__TO DO__: Set the listing down unchanged, minus every embedded image.
#### DATASET EXTRACT ####
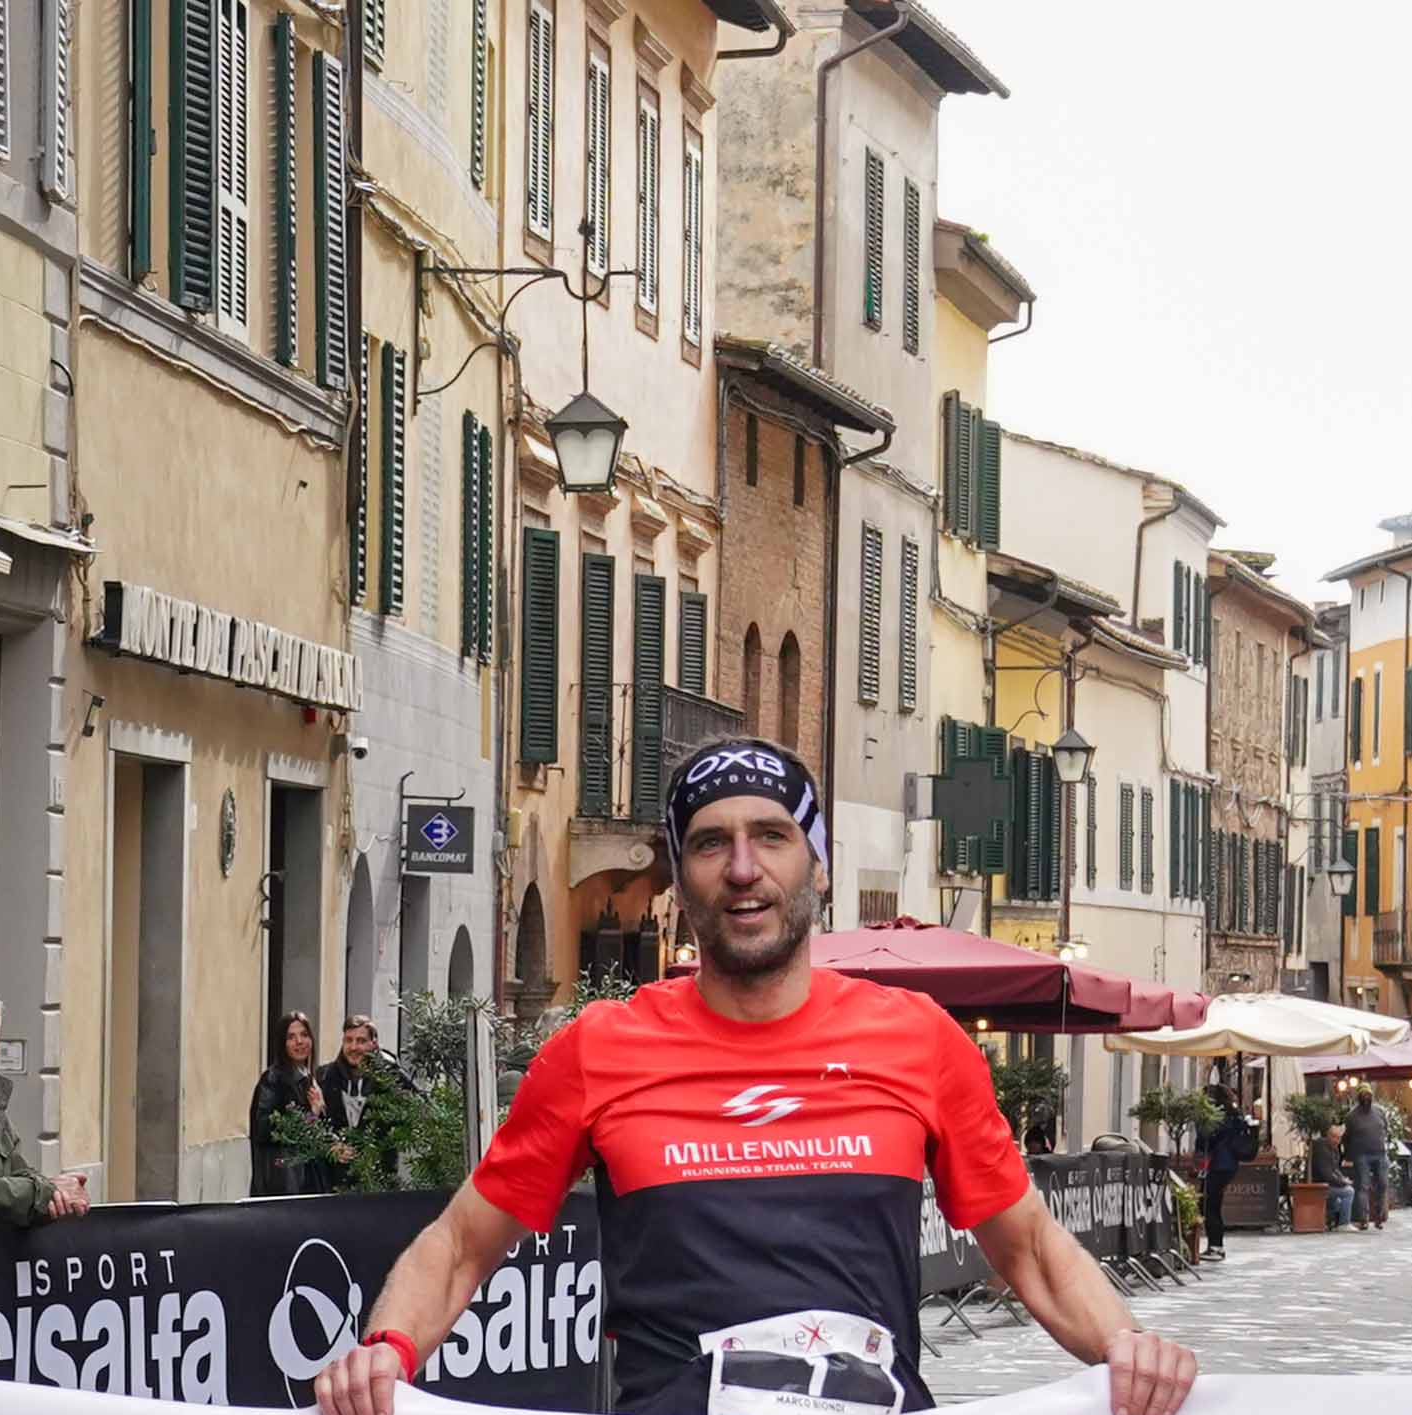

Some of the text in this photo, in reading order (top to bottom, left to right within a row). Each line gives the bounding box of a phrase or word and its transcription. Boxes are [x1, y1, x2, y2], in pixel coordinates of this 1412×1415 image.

[119, 582, 197, 667] MONTE
[687, 750, 786, 784] OXB
[687, 774, 787, 803] OXYBURN
[411, 851, 467, 863] BANCOMAT
[664, 1135, 872, 1166] MILLENNIUM
[682, 1160, 854, 1177] RUNNING & TRAIL TEAM
[35, 1249, 176, 1296] SPORT
[776, 1395, 811, 1409] MARCO
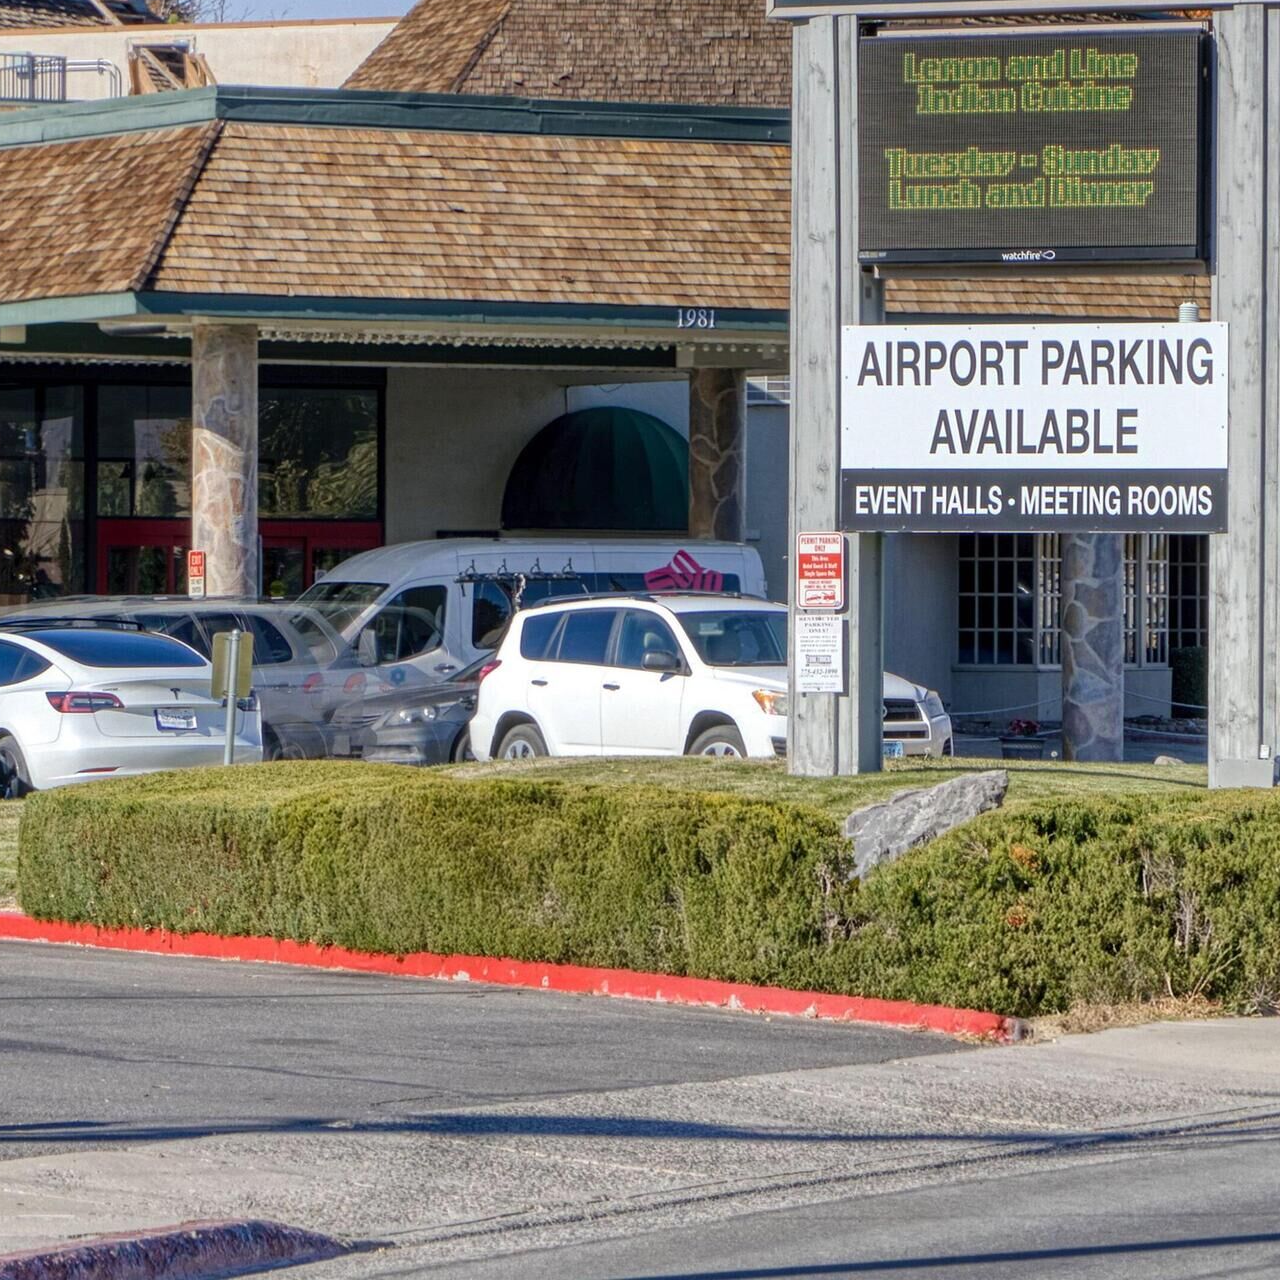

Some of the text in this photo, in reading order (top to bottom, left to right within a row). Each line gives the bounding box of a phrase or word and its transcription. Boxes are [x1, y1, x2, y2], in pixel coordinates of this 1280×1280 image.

[1005, 49, 1065, 80] and
[917, 81, 1133, 114] Indian Cuisine
[885, 147, 1017, 177] Tuesday
[1043, 144, 1160, 175] Sunday
[889, 177, 1154, 209] Lunch and Dinner
[1002, 250, 1040, 261] watchfire
[677, 308, 716, 328] 1981
[857, 337, 1213, 386] AIRPORT PARKING
[929, 408, 1138, 454] AVAILABLE
[855, 486, 926, 515] EVENT
[931, 485, 1002, 515] HALLS
[1021, 485, 1121, 516] MEETING
[1128, 485, 1213, 515] ROOMS
[819, 536, 839, 544] PARKING
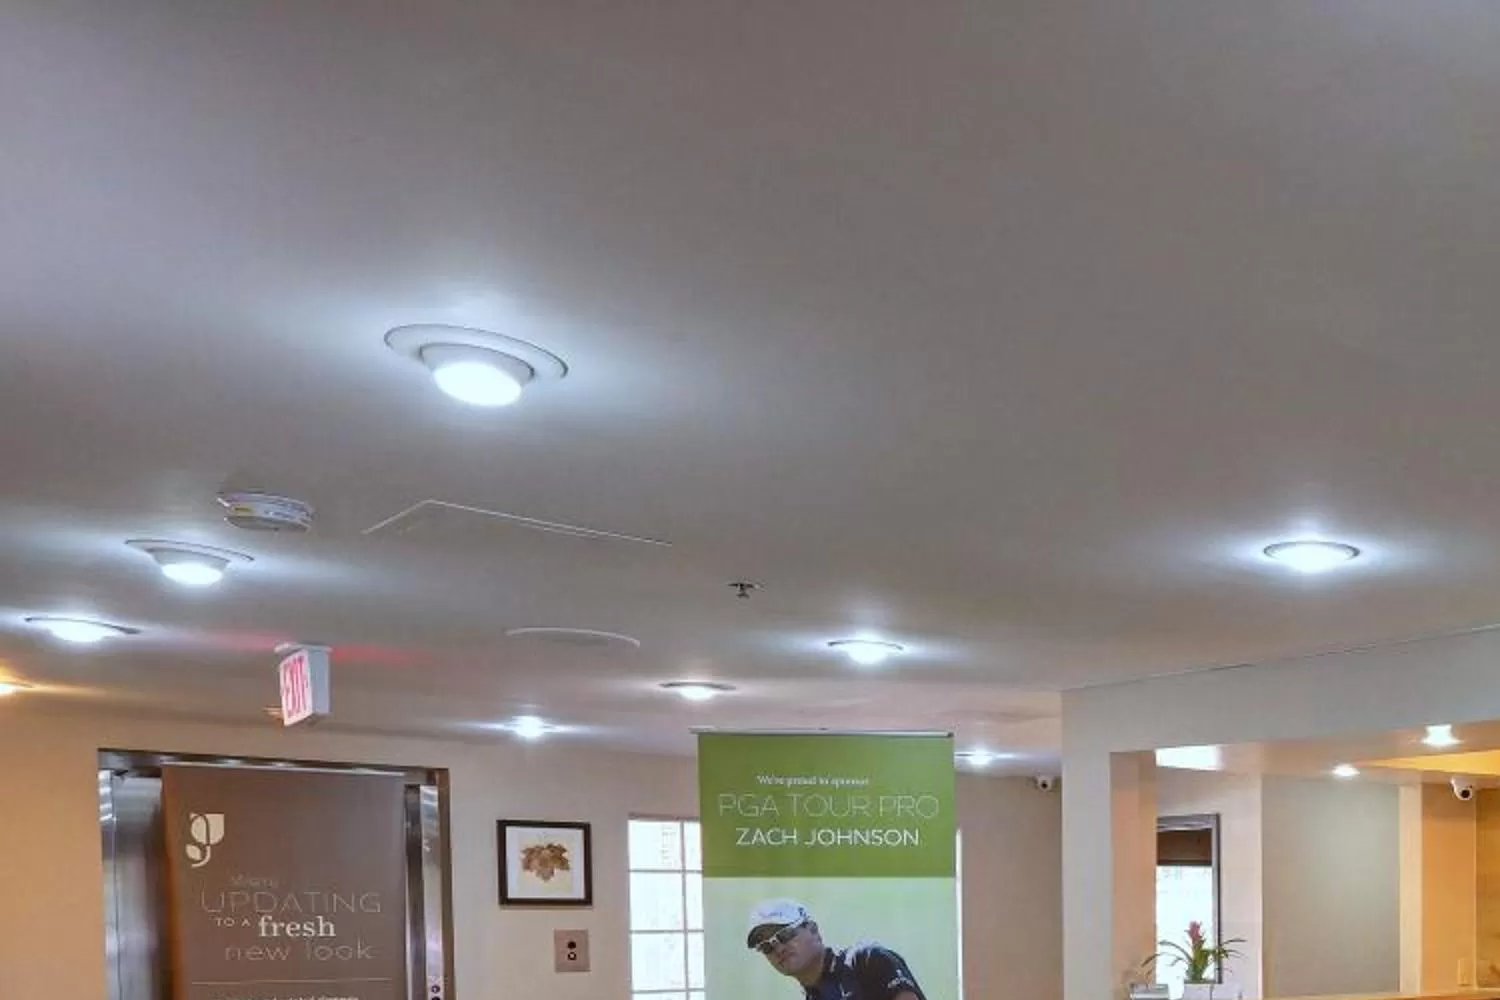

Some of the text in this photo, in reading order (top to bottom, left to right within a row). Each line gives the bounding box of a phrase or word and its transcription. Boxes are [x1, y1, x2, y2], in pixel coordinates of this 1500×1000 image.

[718, 793, 940, 818] PGA TOUR PRO
[735, 827, 920, 847] ZACH JOHNSON
[201, 891, 382, 913] UPDATING
[215, 915, 337, 937] TO A fresh
[224, 936, 375, 961] new look
####
__RESULT BELOW__:
Some of the text in this photo, in reading order (top to bottom, left to right within a row). Each line gives the bounding box of a phrase or word and its transcription. Boxes are [x1, y1, x2, y2], in pixel coordinates of this 1412×1415 image.

[119, 582, 197, 667] MONTE
[687, 750, 786, 784] OXB
[687, 774, 787, 803] OXYBURN
[411, 851, 467, 863] BANCOMAT
[664, 1135, 872, 1166] MILLENNIUM
[682, 1160, 854, 1177] RUNNING & TRAIL TEAM
[35, 1249, 176, 1296] SPORT
[776, 1395, 811, 1409] MARCO

Some of the text in this photo, in reading order (top to bottom, left to right within a row). Each line gives the bounding box of a phrase or word and its transcription. Boxes are [x1, y1, x2, y2], in pixel coordinates of this 1280×1280 image.

[1005, 49, 1065, 80] and
[917, 81, 1133, 114] Indian Cuisine
[885, 147, 1017, 177] Tuesday
[1043, 144, 1160, 175] Sunday
[889, 177, 1154, 209] Lunch and Dinner
[1002, 250, 1040, 261] watchfire
[677, 308, 716, 328] 1981
[857, 337, 1213, 386] AIRPORT PARKING
[929, 408, 1138, 454] AVAILABLE
[855, 486, 926, 515] EVENT
[931, 485, 1002, 515] HALLS
[1021, 485, 1121, 516] MEETING
[1128, 485, 1213, 515] ROOMS
[819, 536, 839, 544] PARKING

Some of the text in this photo, in reading order (top to bottom, left to right within a row). Each line gives the bounding box of a phrase or word and its transcription. Boxes are [x1, y1, x2, y2], in pixel coordinates of this 1500×1000 image.

[718, 793, 940, 818] PGA TOUR PRO
[735, 827, 920, 847] ZACH JOHNSON
[201, 891, 382, 913] UPDATING
[215, 915, 337, 937] TO A fresh
[224, 936, 375, 961] new look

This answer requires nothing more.